Cheguei em casa revoltado.
Vei, que belo primeiro dia de aula, hein?
Percebi que a secretaria eletrônica estava com um aviso de que havia uma nova gravação de voz, Apertei o botão e fui me despindo rumo ao banheiro.
E ao caminho eu ouvia a voz grave e rouca do meu pai, que saia daquele aparelho.
Julho, detenção de novo? Quando eu chegar teremos uma longa conversa, moço.
Me joguei em baixo do chuveiro, onde a água caia lentamente, fazendo com que os arranhões ardessem. Eu me sentei no piso do box, com minha cabeça entre minhas pernas. Hoje eu não estava com saco para reclamações sobre meu comportamento. Ninguém tem o direito de me julgar, ou achar o que é certo ou errado.

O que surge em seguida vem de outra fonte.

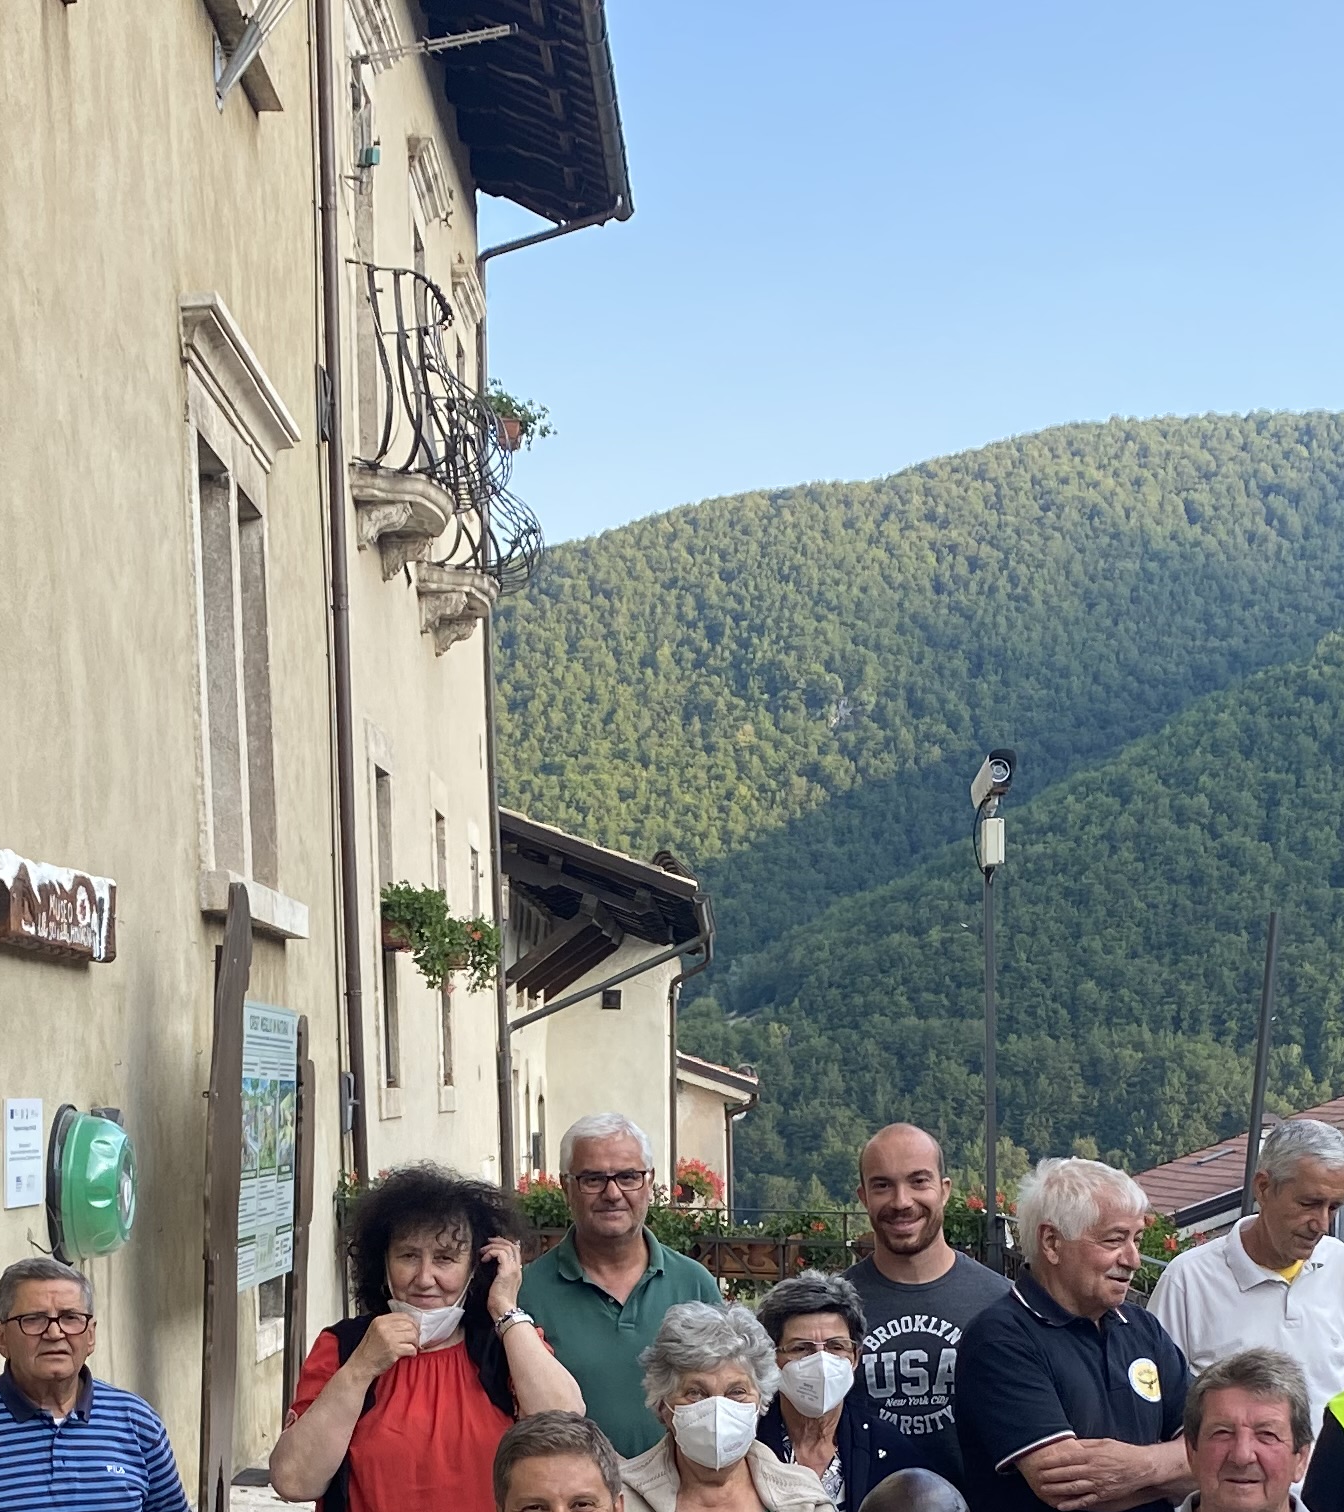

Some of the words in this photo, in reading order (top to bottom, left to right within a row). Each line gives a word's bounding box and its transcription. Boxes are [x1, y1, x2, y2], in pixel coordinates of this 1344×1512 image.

[863, 1314, 963, 1352] BROOKLYN
[862, 1348, 957, 1399] USA
[885, 1397, 907, 1407] New
[908, 1395, 929, 1406] York
[930, 1395, 950, 1407] City
[879, 1404, 956, 1435] VARSITY
[106, 1464, 126, 1475] FILA
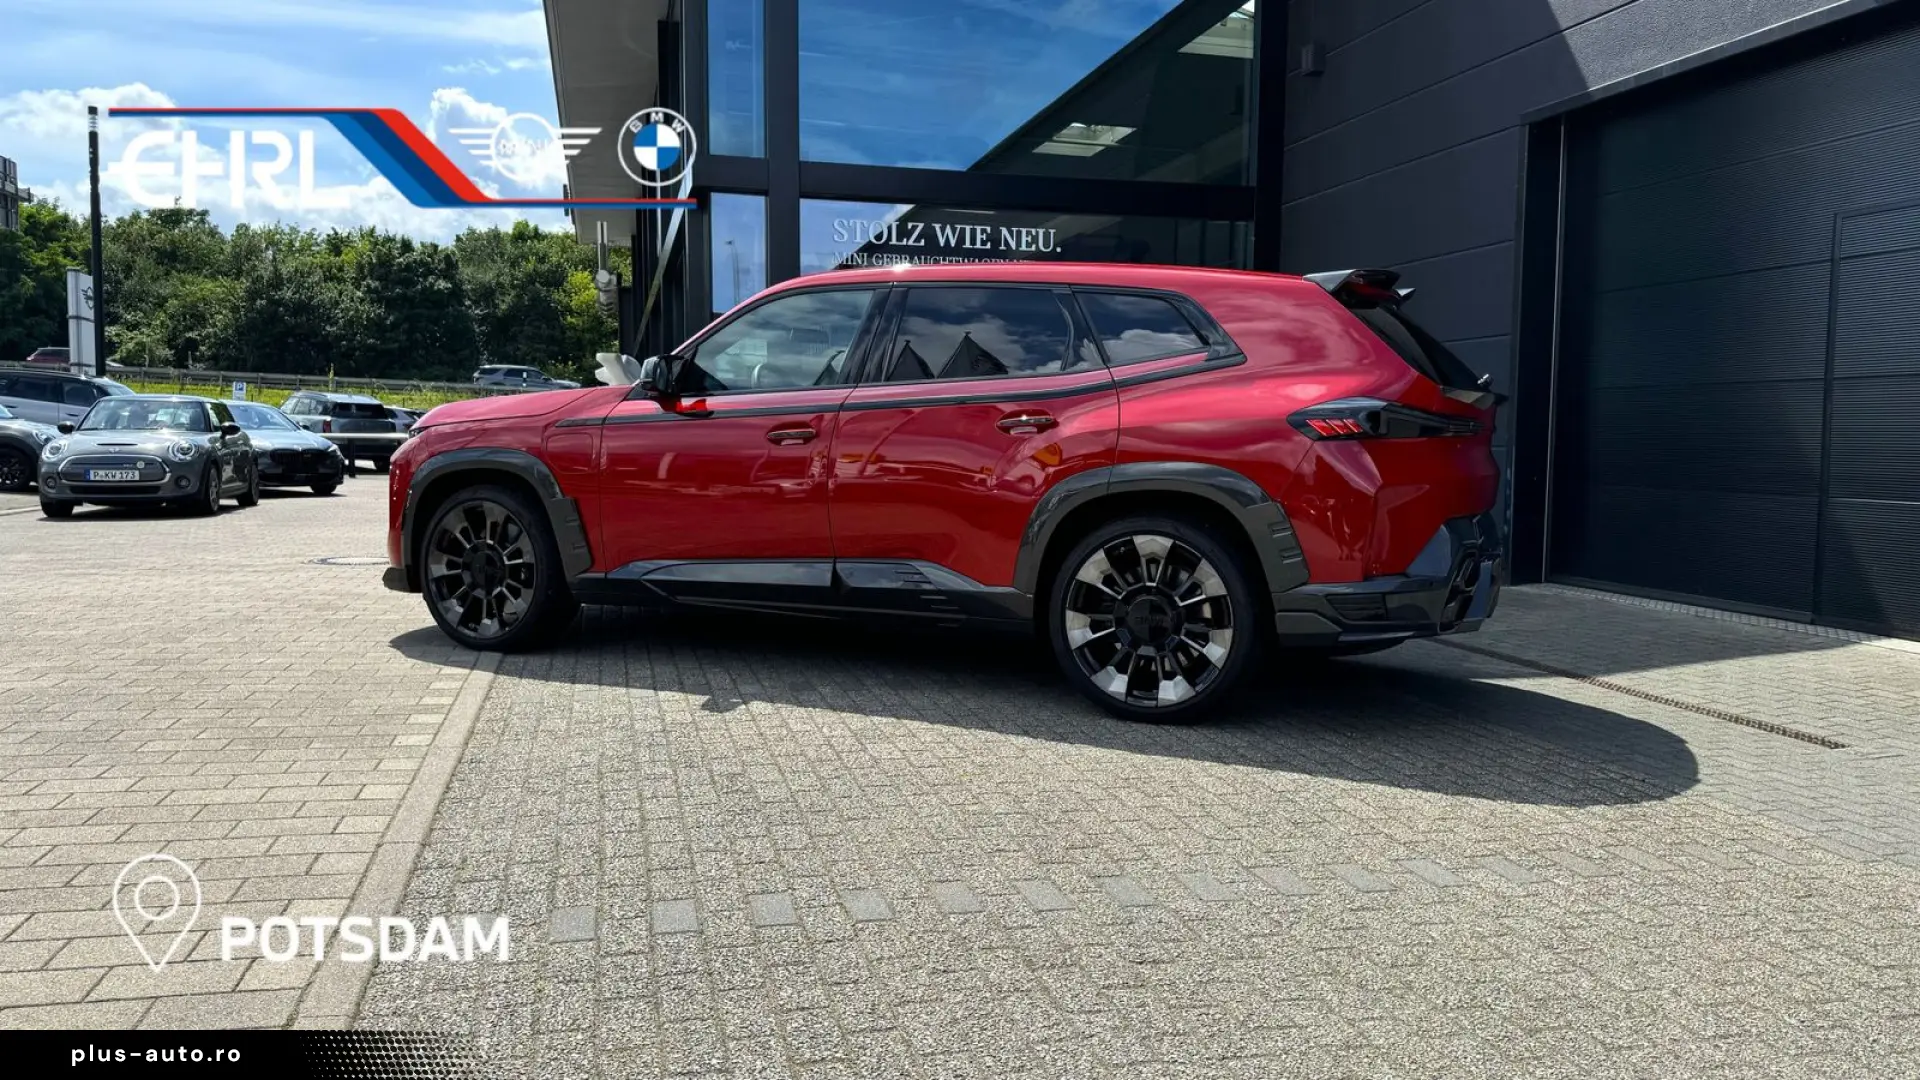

Miguel tinha me deixado em um ataque de nervos. Ele mexia comigo de todas as formas. Me deixava com ódio, mas ao mesmo tempo deixava florescer um sentimento que até ali eu desprezava. Era como se eu quisesse jogar uma bomba nele, mas na mesma hora eu entrar na frente para salva – lo.
É, eu sou uma besta quadrada.
Horas depois do banho, eu estava deitado em minha cama, olhando para aquele imenso teto branco.
A campainha tocou, fechei os olhos me preparando para receber o sermão o meu pai. Corri para a porta e ao abri-la tenho uma surpresa; vi a Mirela parada sorrindo, mas fiquei mais chocado quando percebi quem estava atrás dela.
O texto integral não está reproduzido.